As king of the Whigs, Clay hailed the "American system" of government, reinforcing the need for high tariffs on imported goods, the development of so-called "internal improvements" and the primacy of the Congress as the legitimate will of the American people.

The Whigs’ early platform had to do with expansion of some basic functions of government, such as the building of roads, schools and infrastructure. United in their opposition to the increasingly autocratic aspects of President Andrew Jackson, the Whigs made a convincing case against an imperialist America. Abraham Lincoln was a Whig before he entered presidential politics as a Republican.

After the death of William Henry Harrison (who in political terms was in the White House just long enough to have a cup of coffee) and the renunciation of their economic policies by turncoat Whig President John Tyler, the Whigs displayed internal dissension over those policies and other matters. As the country’s economic fortunes increased, as well as the political fortunes of the Democrats, the Whigs were shown the door in the 1842 Congressional elections.
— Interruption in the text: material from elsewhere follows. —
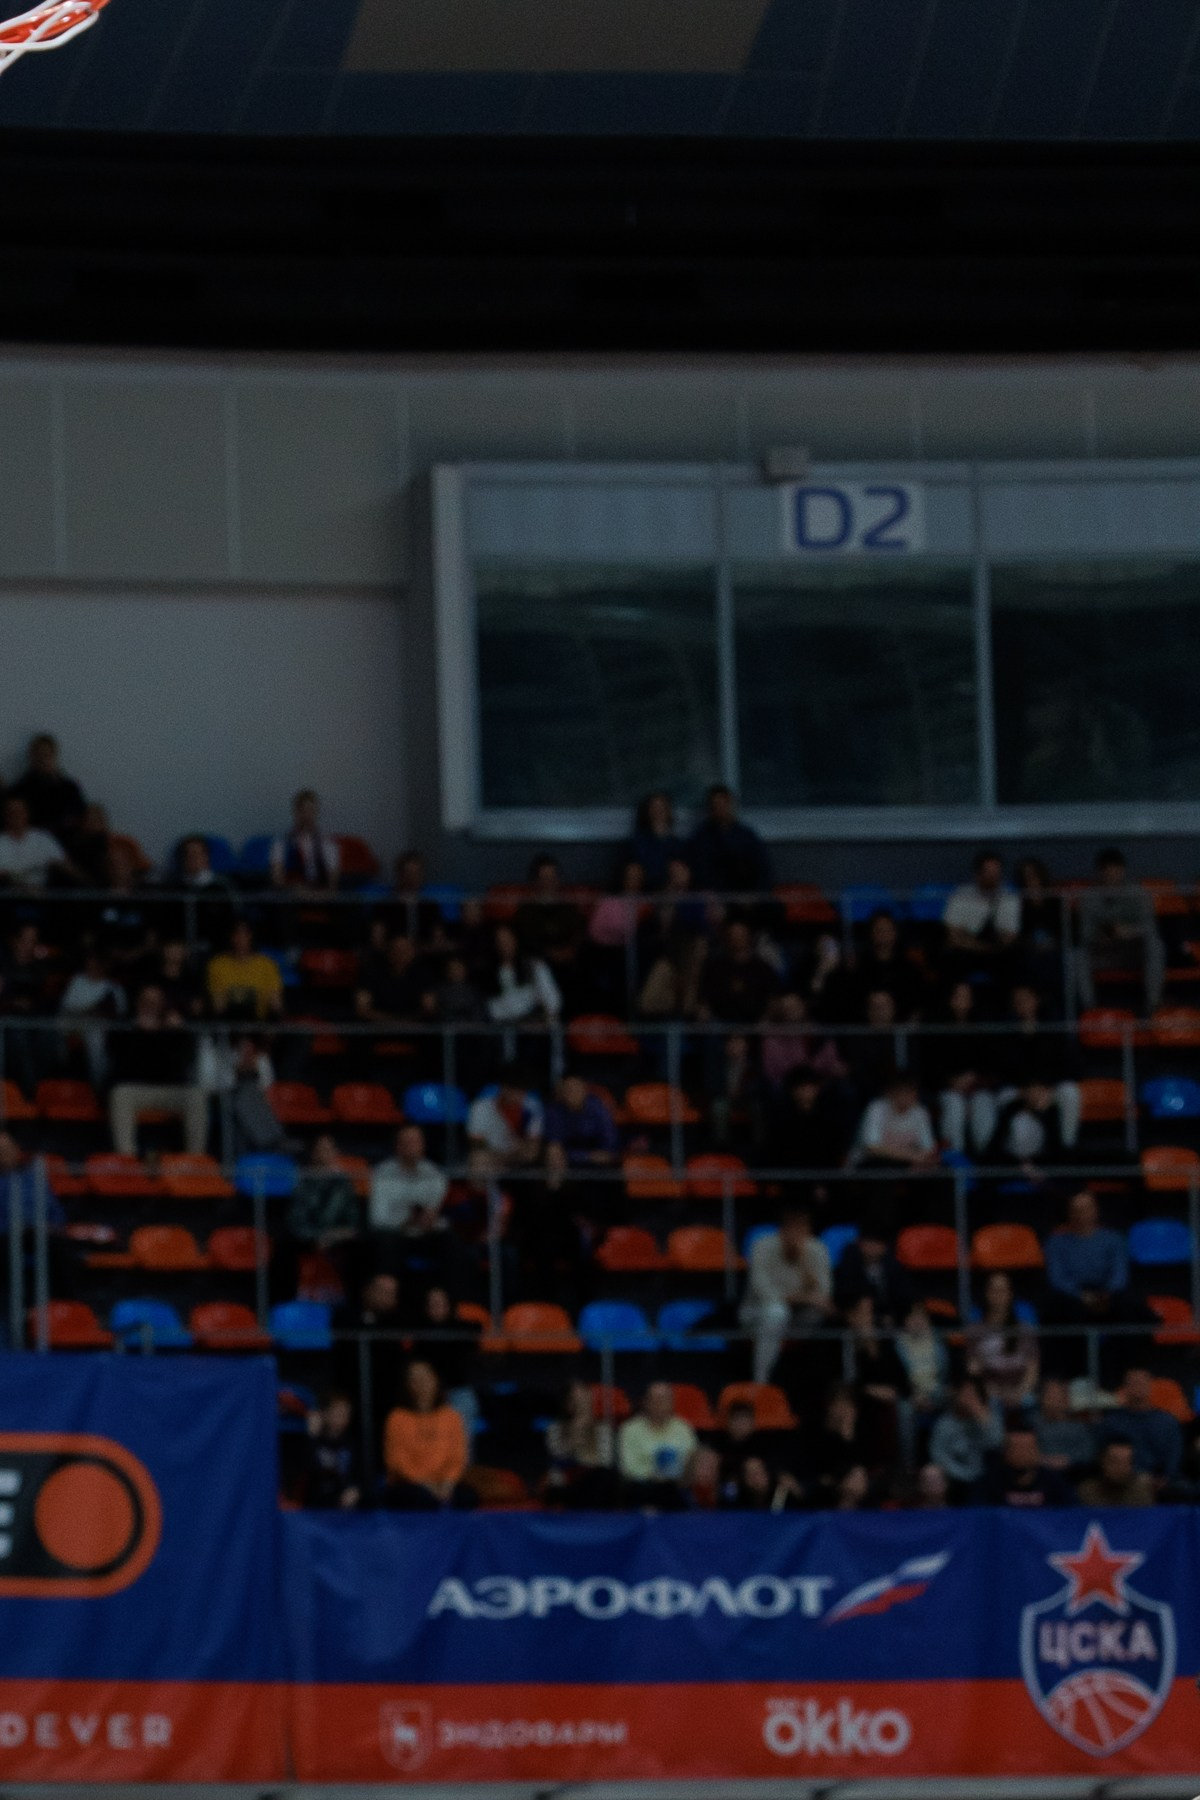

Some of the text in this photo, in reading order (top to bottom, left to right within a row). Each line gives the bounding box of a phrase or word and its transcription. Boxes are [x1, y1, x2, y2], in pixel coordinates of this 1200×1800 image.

In the 1850s, some Whigs desperate for political traction flirted with the Know-Nothing Party, lulled by its seductive nativist campaigns against “corrupt” Irish and German immigrants — a distinct parallel with modern conservatives’ nativist thinking about Mexican and Central American immigrants.

It was pretty much over for the Whigs in 1854, as the issue of the expansion of slavery reached fever pitch. That year Whig Winfield Scott was soundly defeated by Democrat Franklin Pierce for the presidency.

Ohio Rep. Lewis D. Campbell of Ohio, deeply affected by his party’s defeat that year, was quoted saying something that might well ring in the ear of Republicans now: “We are slain. The party is dead, dead, dead!”

Campbell later ran for office, and won, as a Democrat. Make of that what you will.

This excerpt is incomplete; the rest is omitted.